(Reuters) -American Express reported third-quarter profit above Wall Street estimates on Friday, benefiting from disciplined expense management that helped soften the hit from a decline in fees it earns from merchants.
Shares of the company fell 3.8% before the opening bell after gaining about 53% so far this year.
While the strength of the U.S. consumer remains relatively solid, elevated interest rates and economic uncertainty could discourage some customers from spending on non-essential purchases.
AmEx’s discount revenue – the fee it earns from merchants for facilitating transactions – grew 4% to $8.78 billion in the quarter but was lower than the estimate of $8.85 billion, according to data compiled by LSEG.

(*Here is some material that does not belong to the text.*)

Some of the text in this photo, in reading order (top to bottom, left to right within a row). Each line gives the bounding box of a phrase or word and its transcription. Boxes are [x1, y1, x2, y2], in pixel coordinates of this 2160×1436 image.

However, the company has been able to outdo profit expectations in the past despite lower spending, thanks to its customers’ excellent credit profiles that allow it to maintain low credit loss provisions.
The company’s total expenses were $12.08 billion, lower than expectations of $12.74 billion.

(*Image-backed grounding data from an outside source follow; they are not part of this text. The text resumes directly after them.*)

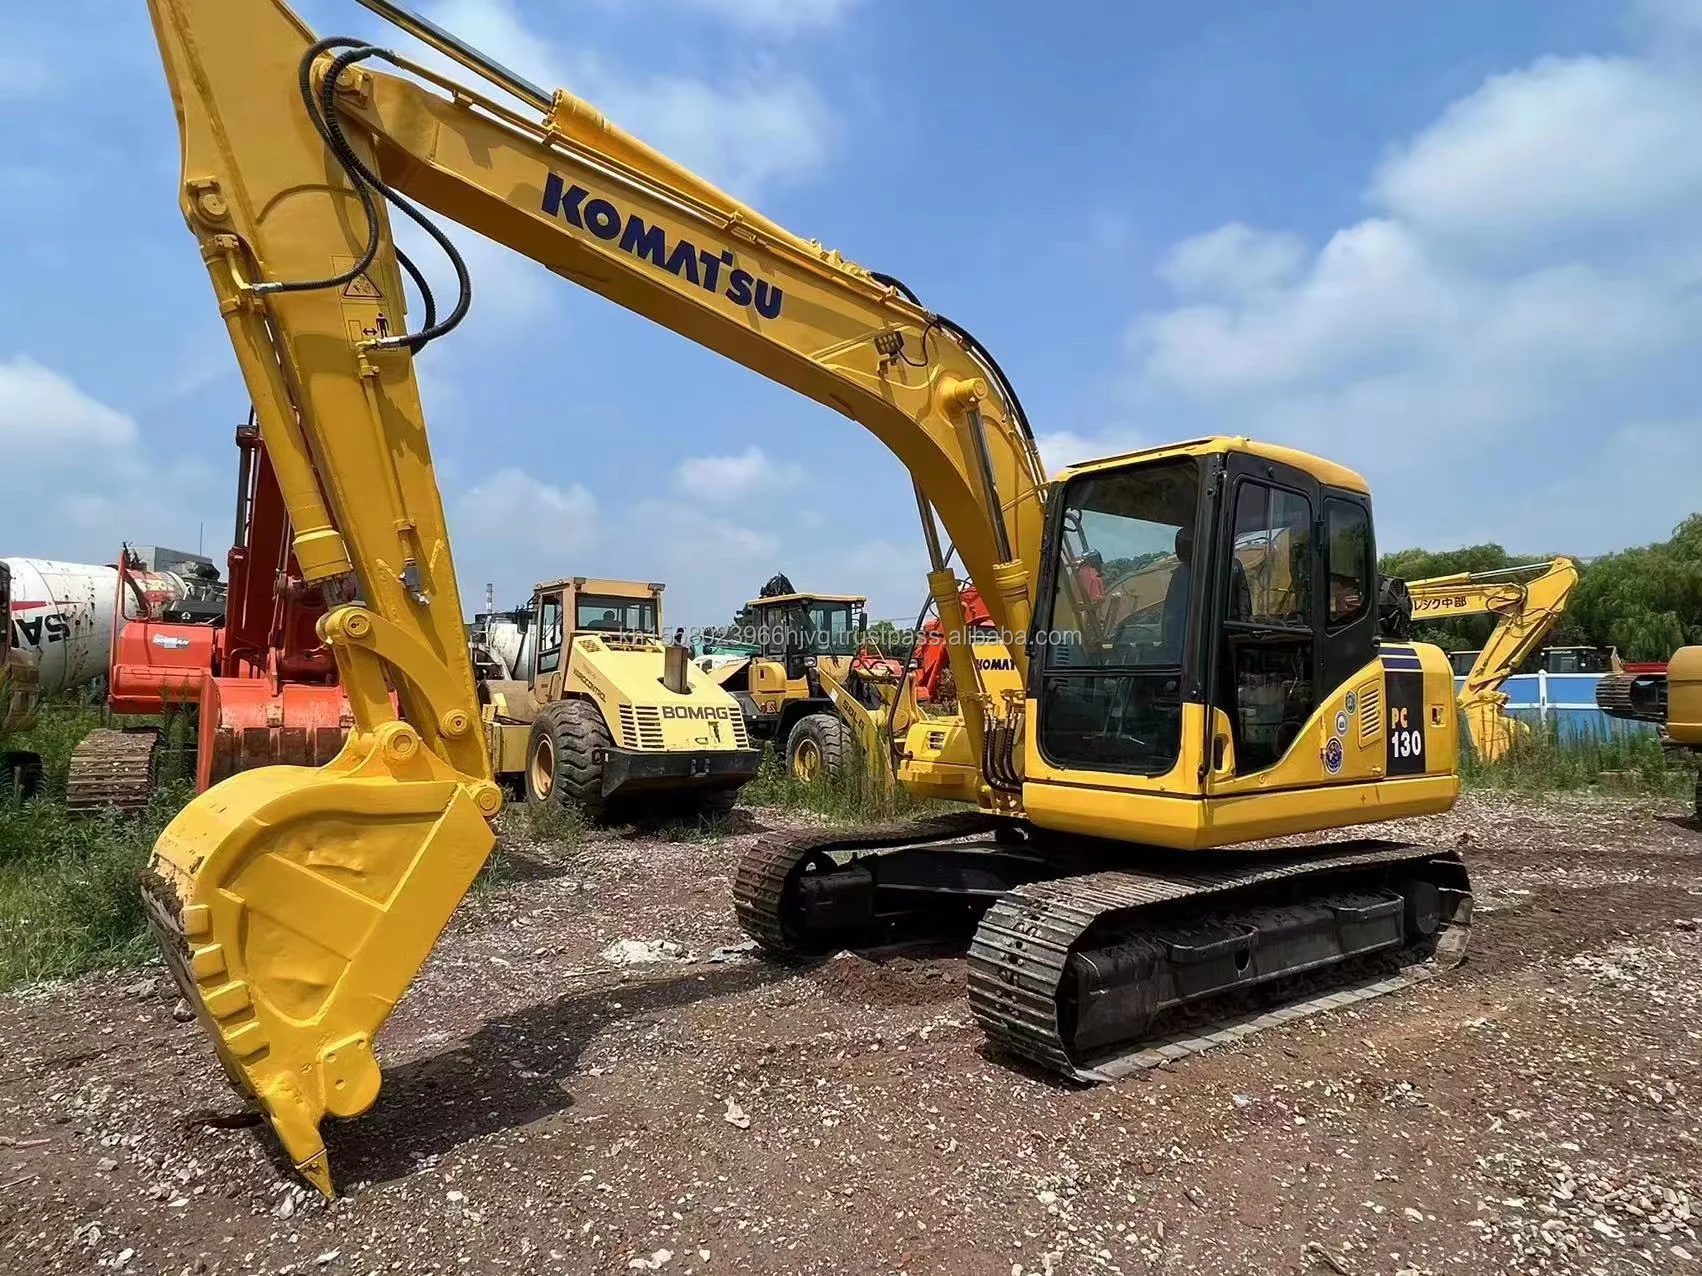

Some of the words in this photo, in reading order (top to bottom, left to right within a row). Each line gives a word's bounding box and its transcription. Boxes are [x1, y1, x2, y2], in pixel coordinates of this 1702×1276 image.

[541, 172, 783, 320] KOMATSU
[661, 705, 729, 719] BOMAG
[842, 699, 866, 731] SDLG
[1391, 707, 1408, 729] PC
[1391, 730, 1422, 758] 130

Revenue rose 8% to $16.64 billion but was below expectations of $16.67 billion.
Its profit rose 2% to $2.51 billion for the three months ended Sept. 30. On a per-share basis, it earned $3.49 versus the $3.28 that analysts had forecast, according to estimates compiled by LSEG.
The company sees 2024 earnings per share between $13.75 and $14.05, higher than its prior expectation of $13.30 to $13.80.
“The strong early results we’re seeing from our product refreshes reinforce my confidence that we’re investing in the right areas,” CEO Stephen Squeri said in a statement.